On Wednesday, the electrical system in Ecuador went down, causing a statewide blackout that affected metro services, road traffic, and other important infrastructure. The outage lasted for several hours.

A sudden blackout occurred just after 3:00 pm local time, causing hundreds of people to be evacuated and shocking metro users in Quito, the capital.
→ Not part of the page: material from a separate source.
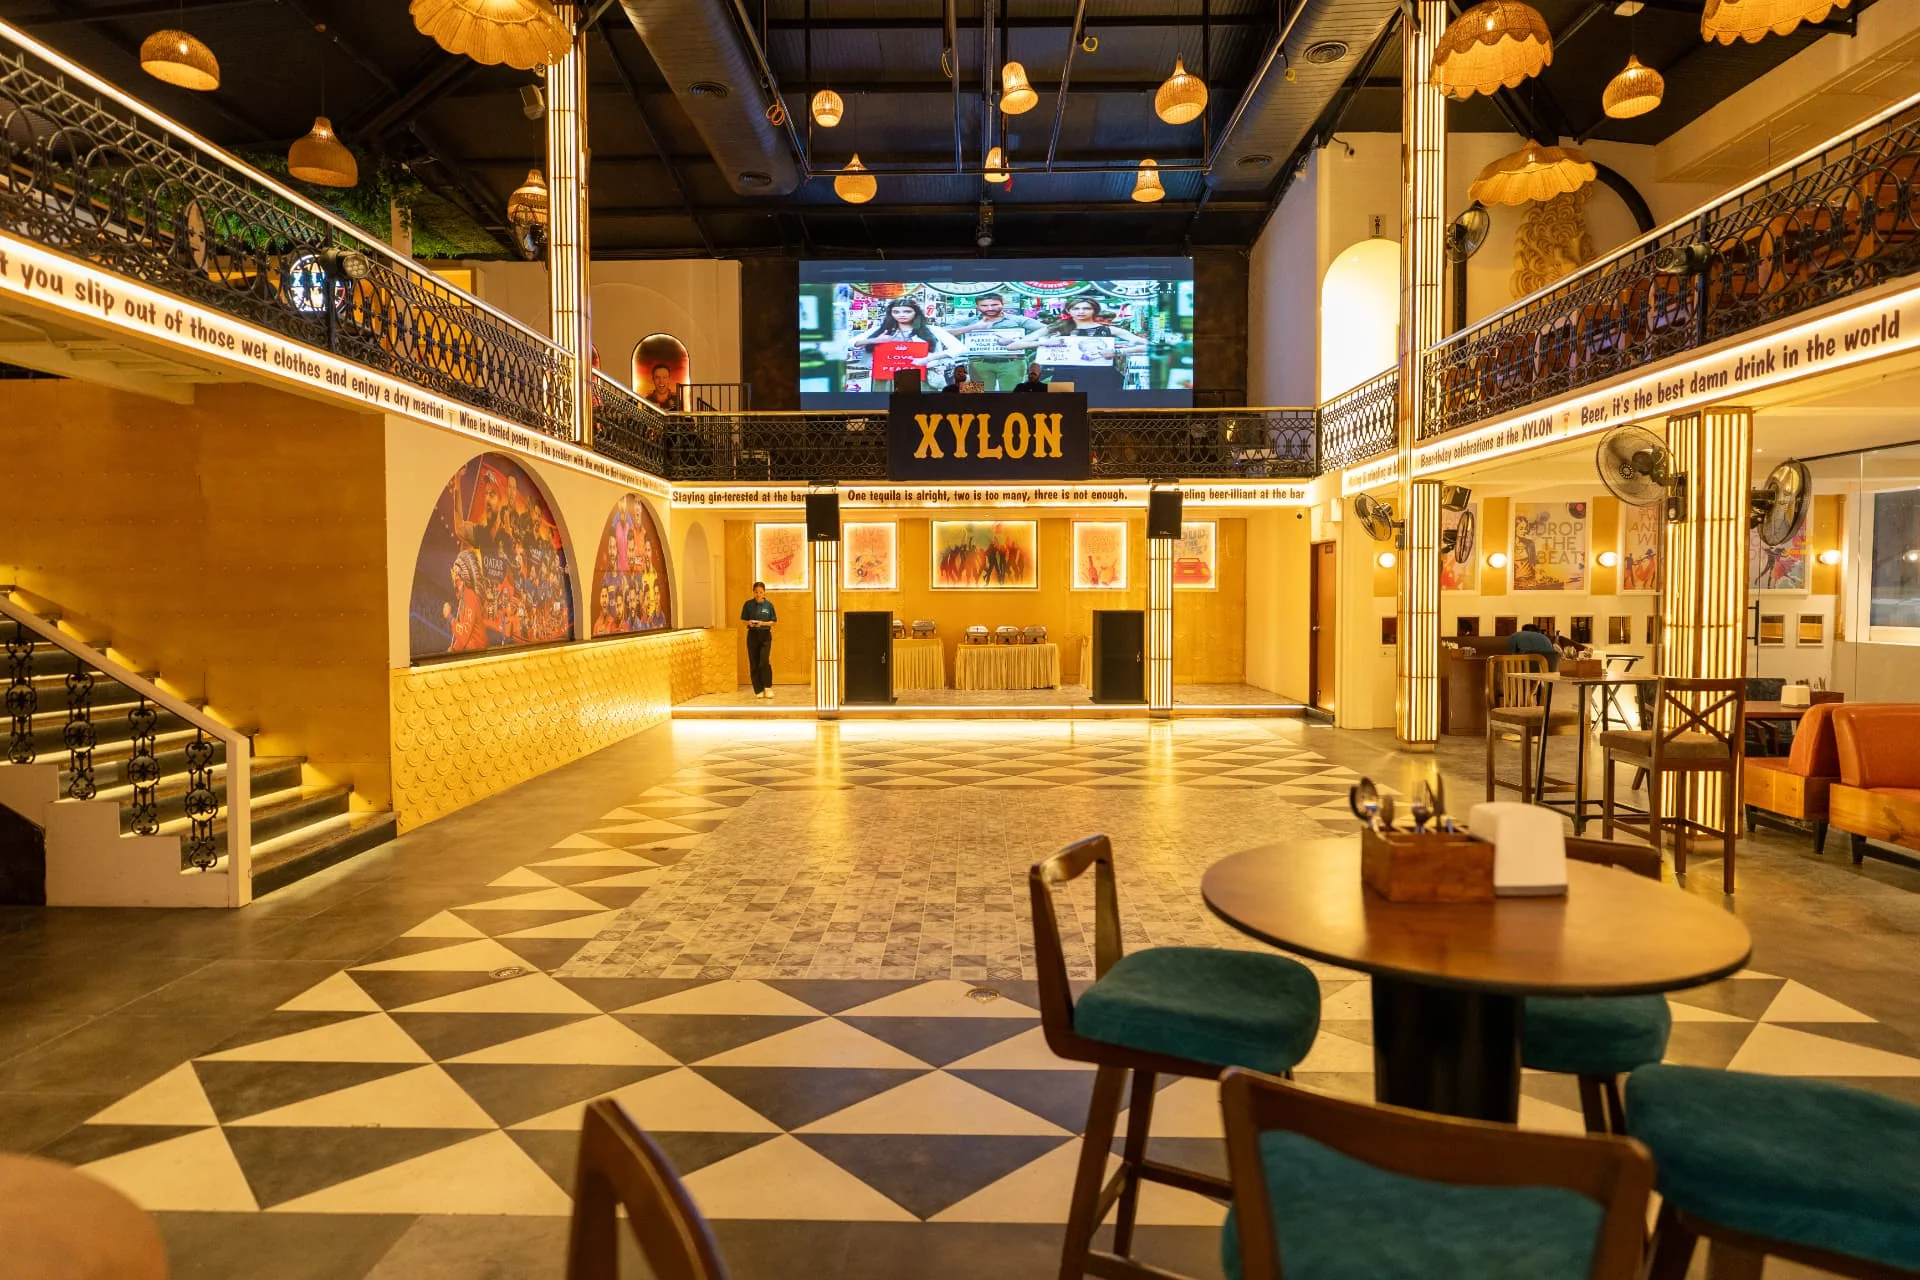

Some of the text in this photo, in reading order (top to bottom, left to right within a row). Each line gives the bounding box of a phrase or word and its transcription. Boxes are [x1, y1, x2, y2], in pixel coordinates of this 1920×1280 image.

Trains came to a standstill.

Some had to slog through the metro’s pitch-black tunnels for hours before they could find a way out.

A “breakdown in the transmission line, which caused a chain of disconnections” that resulted in a nationwide failure was earlier stated by him.

 

To keep the roughly three million residents of Quito under control, police stationed themselves at intersections and turned on the blinkers at all other traffic signals.

Some areas of the capital began to have electricity restored gradually within an hour.

He had issued an order for the deployment of special teams to assist those in danger, forestall mishaps, and “take care of public spaces.”

According to Luque: “For years there has been a lack of investment in these systems and electrical grids and today we are suffering the consequences.”

As a result, Cuenca’s street vehicles likewise came to a halt in operation.

In the middle of the South American nation, in Santo Domingo de los Tsachilas, the scenario was somewhat similar, and the traffic agents were quite busy.

For the duration of the blackout, the education ministry decided to halt night sessions for safety concerns.

People in Ecuador had to deal with scheduled outages that may last up to thirteen hours.

With the arrival of the rainy season and the lifting of energy restrictions in May, everything got back to normal.

Hydroelectric facilities provide 92% of the nation’s power.